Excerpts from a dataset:
▬▬▬

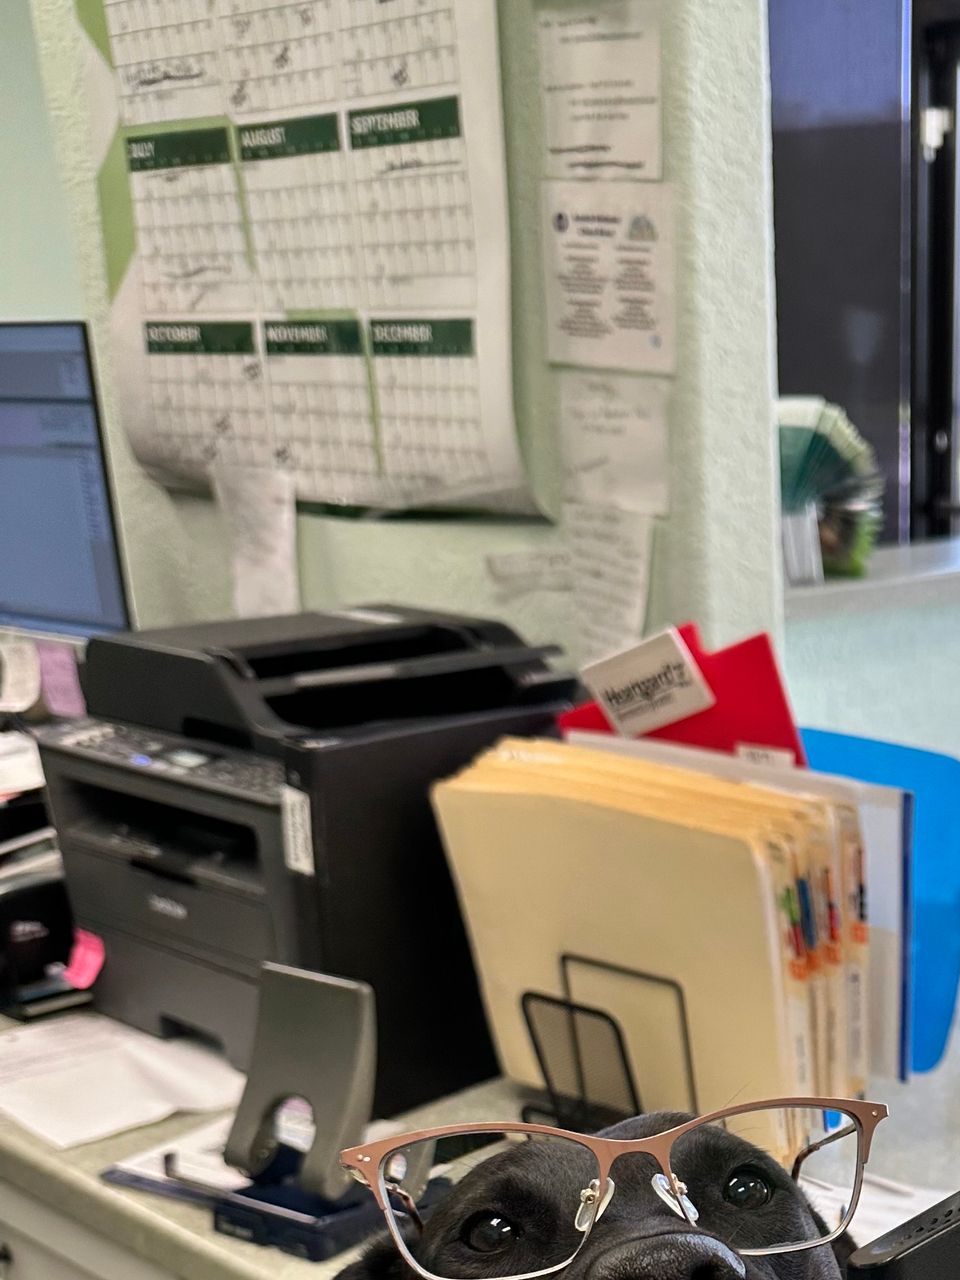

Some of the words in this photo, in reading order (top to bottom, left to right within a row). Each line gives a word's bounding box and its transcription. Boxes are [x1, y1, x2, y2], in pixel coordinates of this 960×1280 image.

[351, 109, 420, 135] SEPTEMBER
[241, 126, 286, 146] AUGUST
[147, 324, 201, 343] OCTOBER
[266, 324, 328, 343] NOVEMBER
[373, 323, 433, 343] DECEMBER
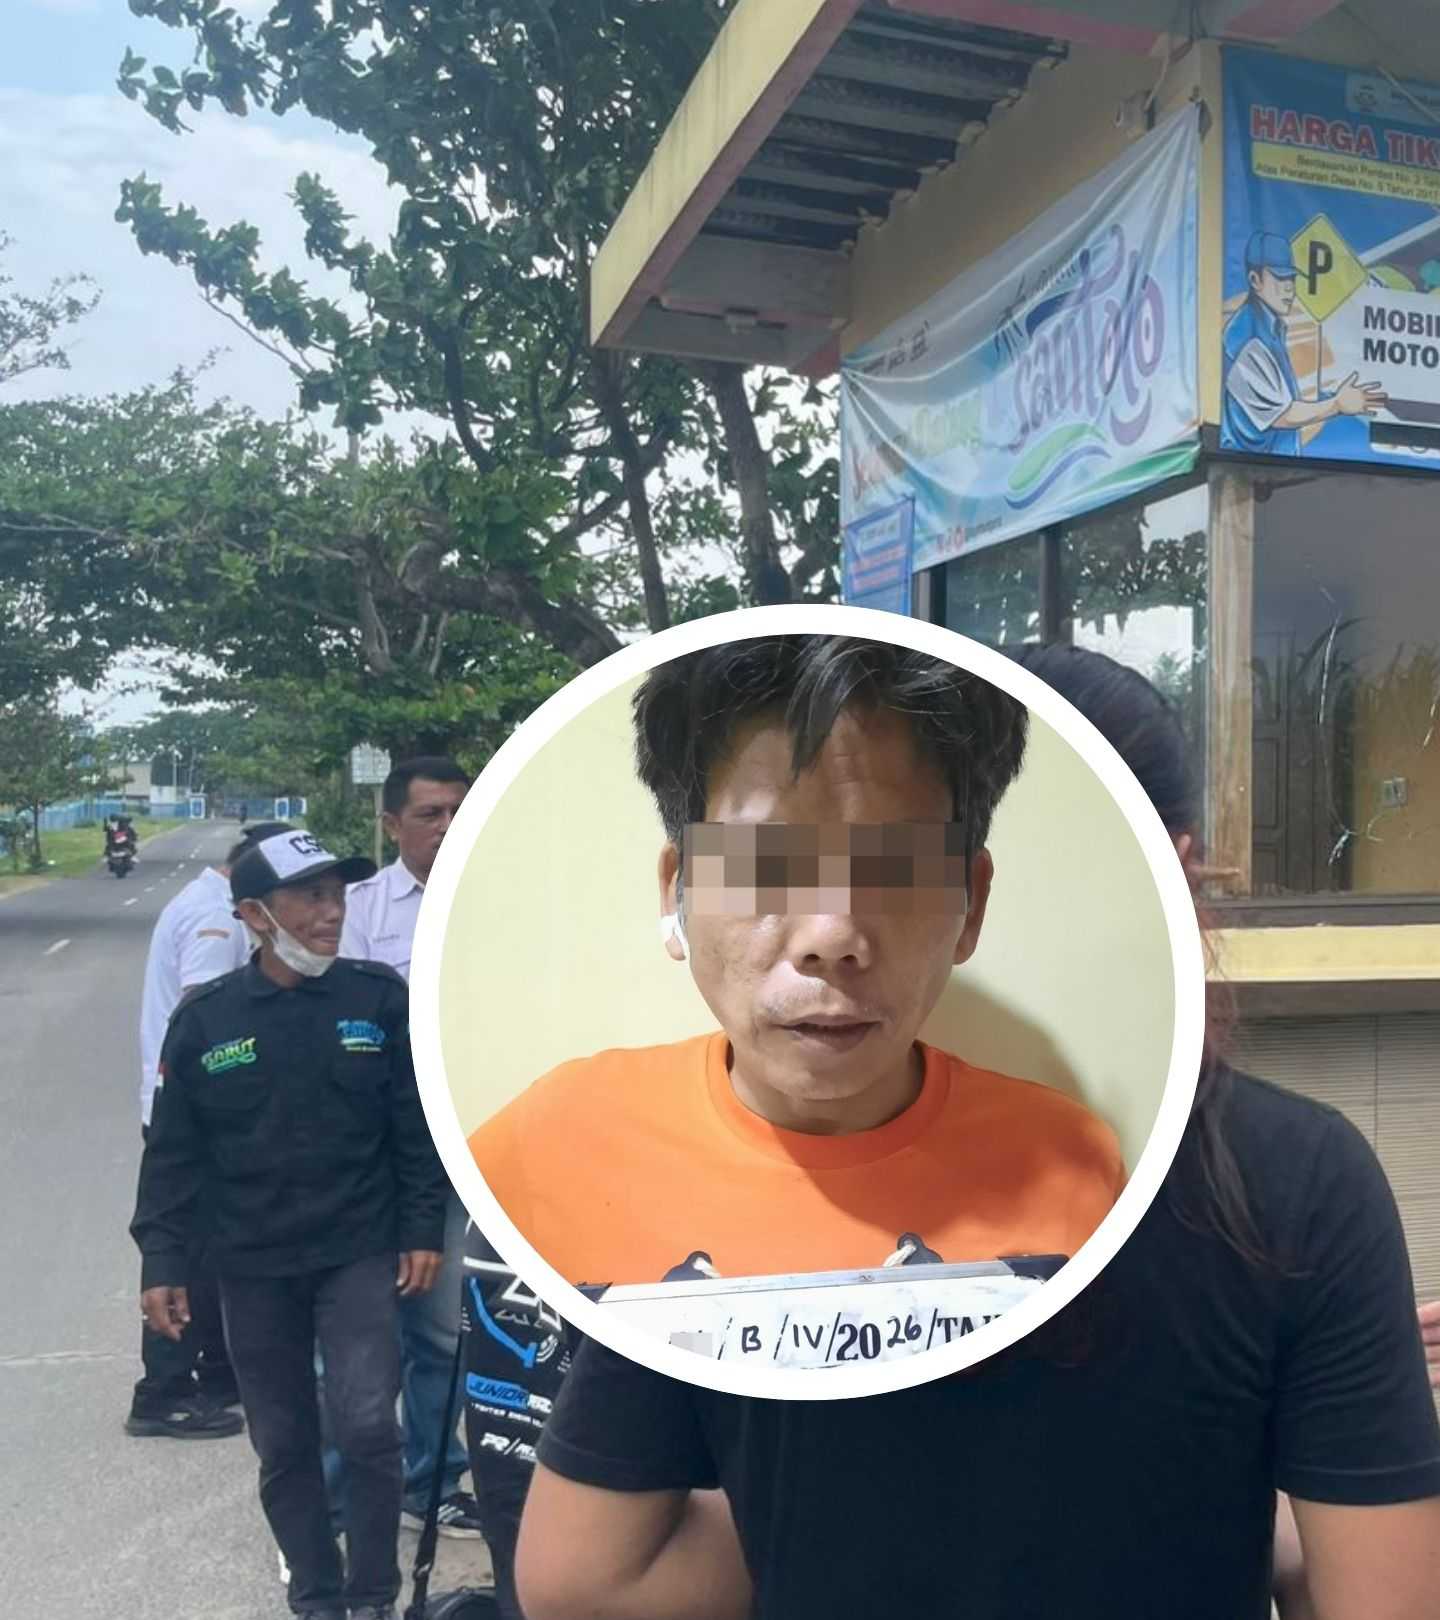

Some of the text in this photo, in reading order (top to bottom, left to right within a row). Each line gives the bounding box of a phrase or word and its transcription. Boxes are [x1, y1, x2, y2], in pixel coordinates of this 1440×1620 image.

▬▬▬

Would you provide an exact, picture-free copy of the data above?

### Final answer
Some of the words in this photo, in reading order (top to bottom, left to right within a row). Each line gives a word's bounding box and its transcription. Boxes are [x1, y1, x2, y2], in pixel coordinates of this 960×1280 image.

[351, 109, 420, 135] SEPTEMBER
[241, 126, 286, 146] AUGUST
[147, 324, 201, 343] OCTOBER
[266, 324, 328, 343] NOVEMBER
[373, 323, 433, 343] DECEMBER

Some of the text in this photo, in reading order (top to bottom, left to right within a row). Each line gives the bounding box of a phrase or word and its transcription. Boxes are [x1, y1, x2, y2], in pixel coordinates of this 1440×1620 image.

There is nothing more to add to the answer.